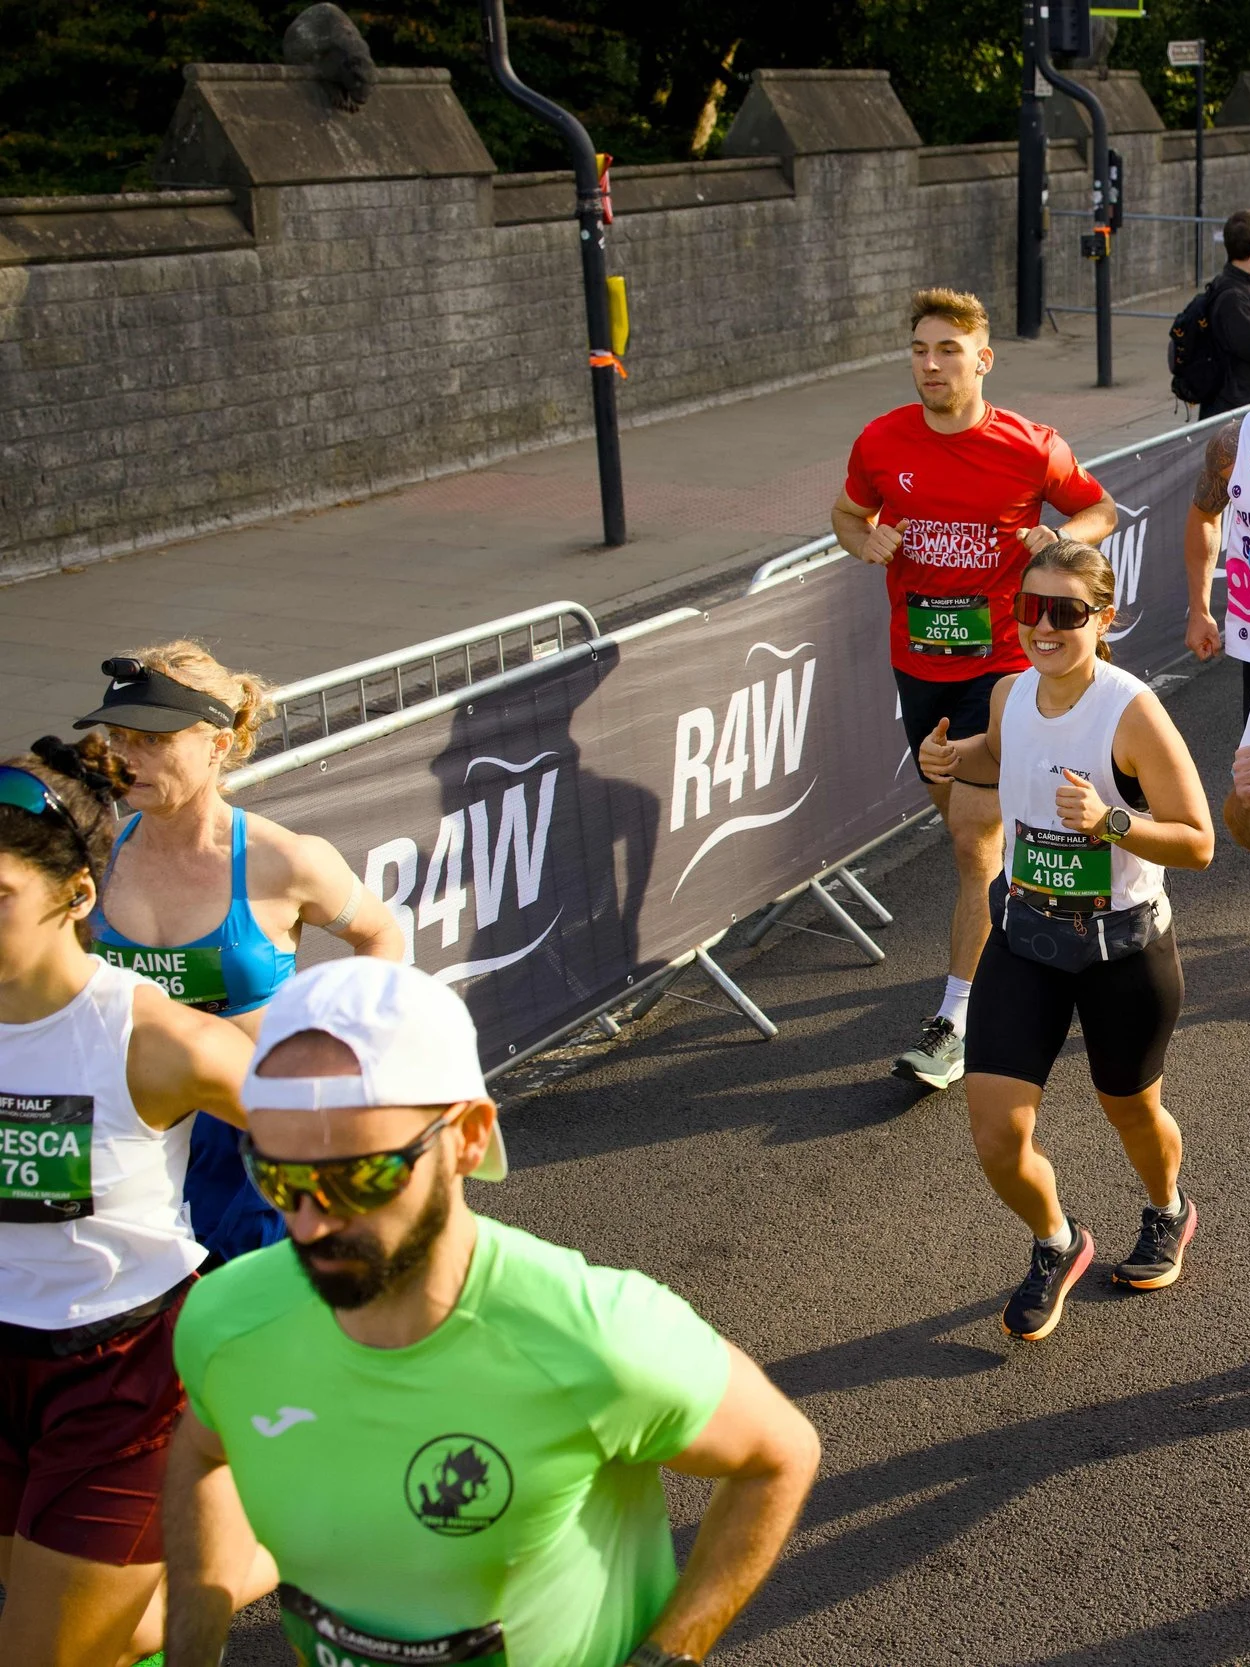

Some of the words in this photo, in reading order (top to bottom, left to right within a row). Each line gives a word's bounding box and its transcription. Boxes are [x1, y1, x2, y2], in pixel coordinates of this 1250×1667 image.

[902, 529, 987, 555] EDWARDS
[931, 613, 959, 626] JOE
[925, 626, 969, 640] 26740
[669, 657, 817, 833] R4W
[1037, 832, 1066, 843] CARDIFF
[364, 767, 559, 966] R4W
[1027, 848, 1083, 870] PAULA
[1032, 868, 1076, 889] 4186
[106, 950, 188, 973] ELAINE
[17, 1099, 52, 1111] HALF
[0, 1128, 81, 1158] ESCA
[1, 1159, 40, 1187] 76
[12, 1190, 39, 1199] FEMALE
[41, 1191, 71, 1199] MEDIUM
[338, 1626, 399, 1654] CARDIFF
[403, 1640, 449, 1657] HALF
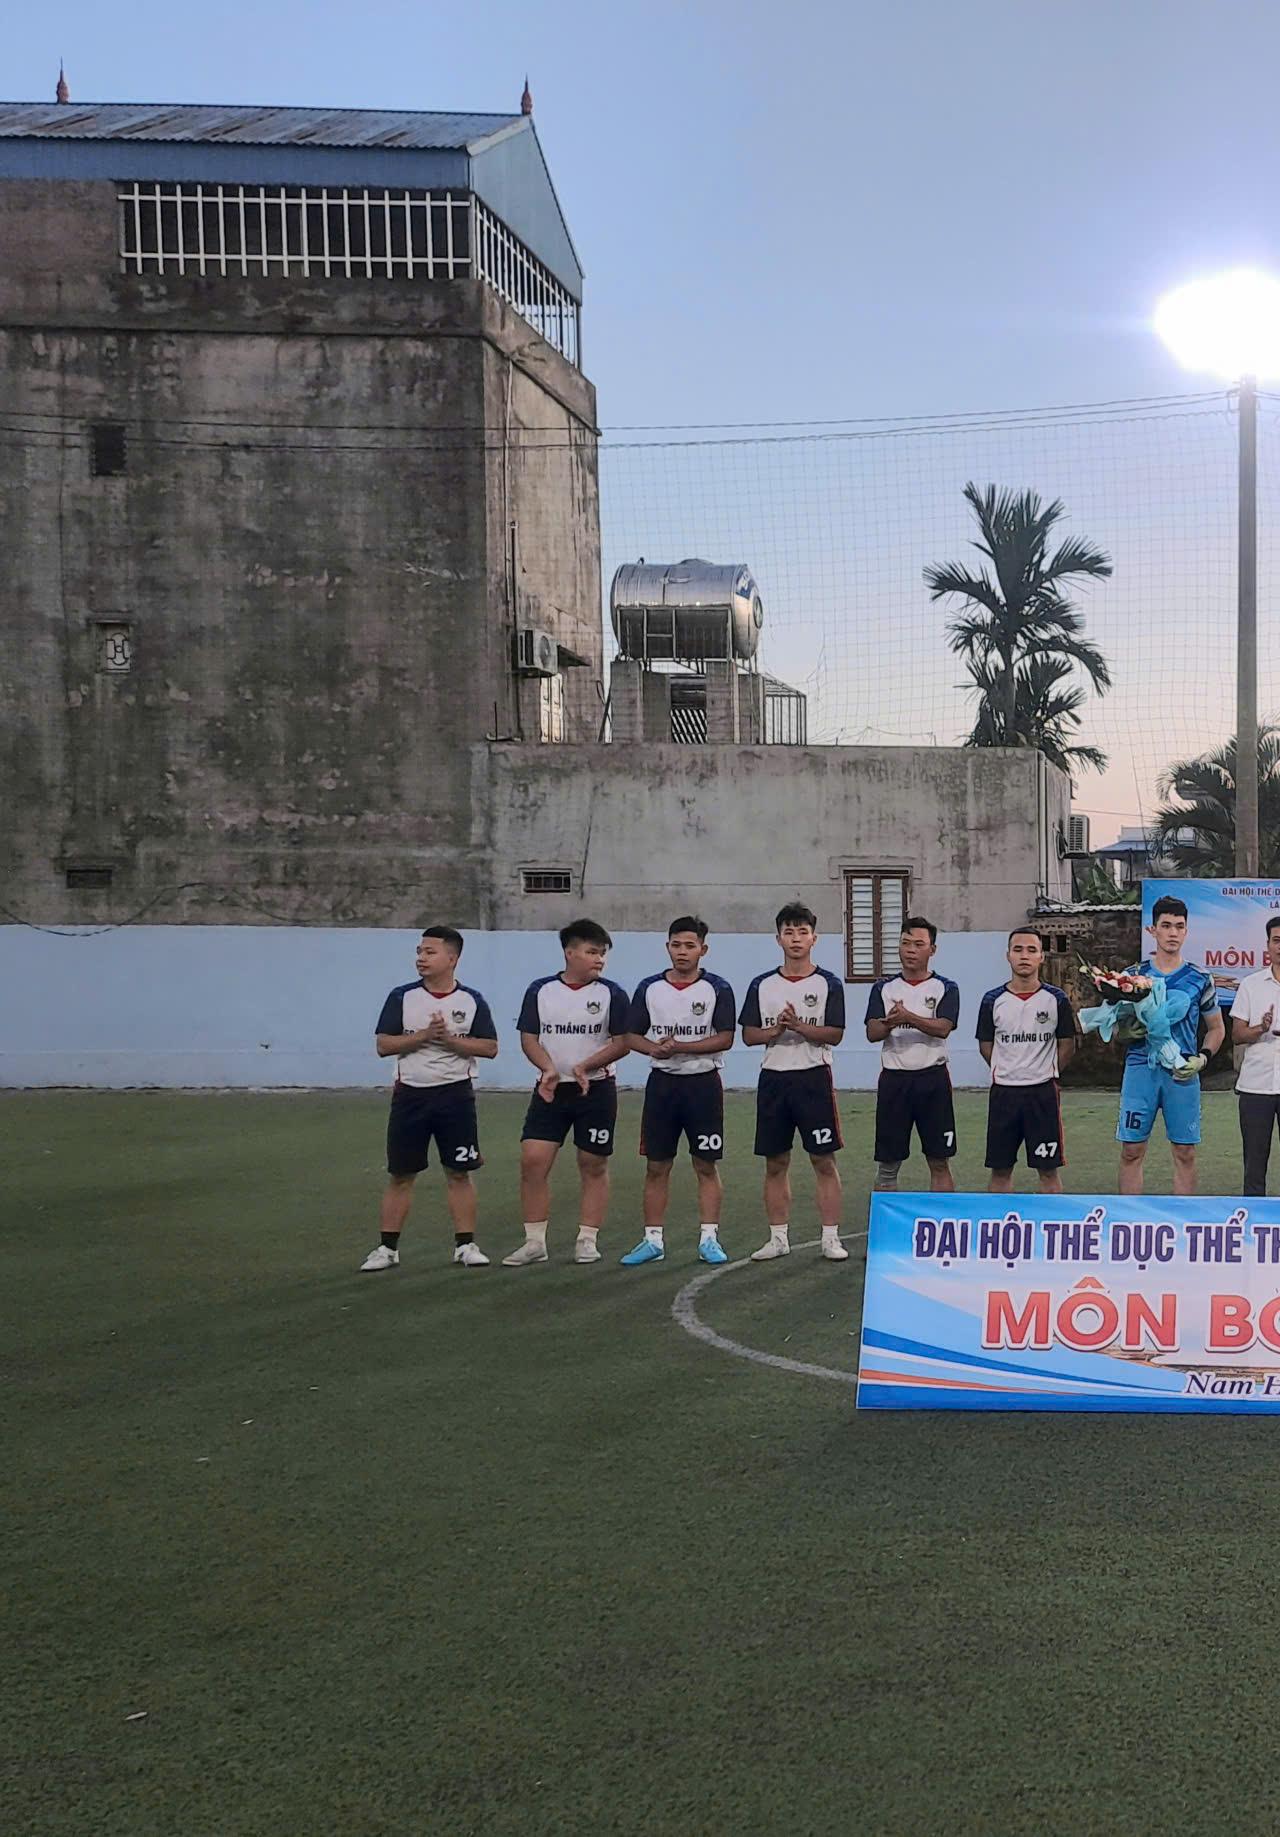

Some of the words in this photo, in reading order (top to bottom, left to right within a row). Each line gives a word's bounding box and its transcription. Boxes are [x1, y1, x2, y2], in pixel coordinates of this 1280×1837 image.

[1205, 946, 1254, 967] MÔN
[555, 1021, 586, 1034] THẮNG
[652, 1025, 662, 1035] FC
[765, 1017, 775, 1026] FC
[1125, 1110, 1142, 1130] 16
[588, 1128, 610, 1144] 19
[698, 1134, 722, 1150] 20
[812, 1128, 832, 1145] 12
[943, 1131, 954, 1148] 7
[455, 1145, 478, 1162] 24
[1034, 1142, 1058, 1158] 47
[914, 1219, 969, 1267] ĐẠI
[978, 1212, 1033, 1273] HỘI
[1044, 1207, 1105, 1262] THỂ
[1111, 1223, 1174, 1271] DỤC
[1185, 1209, 1247, 1264] THỂ
[985, 1276, 1177, 1349] MÔN
[1185, 1374, 1254, 1397] Nam

● ● ●

§ **What you will do**:
Everything in the listing should be repeated exactly except the pictures.

§ **Task solution**:
Some of the words in this photo, in reading order (top to bottom, left to right within a row). Each line gives a word's bounding box and its transcription. Boxes are [x1, y1, x2, y2], in pixel coordinates of this 1250×1667 image.

[902, 529, 987, 555] EDWARDS
[931, 613, 959, 626] JOE
[925, 626, 969, 640] 26740
[669, 657, 817, 833] R4W
[1037, 832, 1066, 843] CARDIFF
[364, 767, 559, 966] R4W
[1027, 848, 1083, 870] PAULA
[1032, 868, 1076, 889] 4186
[106, 950, 188, 973] ELAINE
[17, 1099, 52, 1111] HALF
[0, 1128, 81, 1158] ESCA
[1, 1159, 40, 1187] 76
[12, 1190, 39, 1199] FEMALE
[41, 1191, 71, 1199] MEDIUM
[338, 1626, 399, 1654] CARDIFF
[403, 1640, 449, 1657] HALF

Some of the words in this photo, in reading order (top to bottom, left to right within a row). Each line gives a word's bounding box and its transcription. Boxes are [x1, y1, x2, y2], in pixel coordinates of this 1280×1837 image.

[1205, 946, 1254, 967] MÔN
[555, 1021, 586, 1034] THẮNG
[652, 1025, 662, 1035] FC
[765, 1017, 775, 1026] FC
[1125, 1110, 1142, 1130] 16
[588, 1128, 610, 1144] 19
[698, 1134, 722, 1150] 20
[812, 1128, 832, 1145] 12
[943, 1131, 954, 1148] 7
[455, 1145, 478, 1162] 24
[1034, 1142, 1058, 1158] 47
[914, 1219, 969, 1267] ĐẠI
[978, 1212, 1033, 1273] HỘI
[1044, 1207, 1105, 1262] THỂ
[1111, 1223, 1174, 1271] DỤC
[1185, 1209, 1247, 1264] THỂ
[985, 1276, 1177, 1349] MÔN
[1185, 1374, 1254, 1397] Nam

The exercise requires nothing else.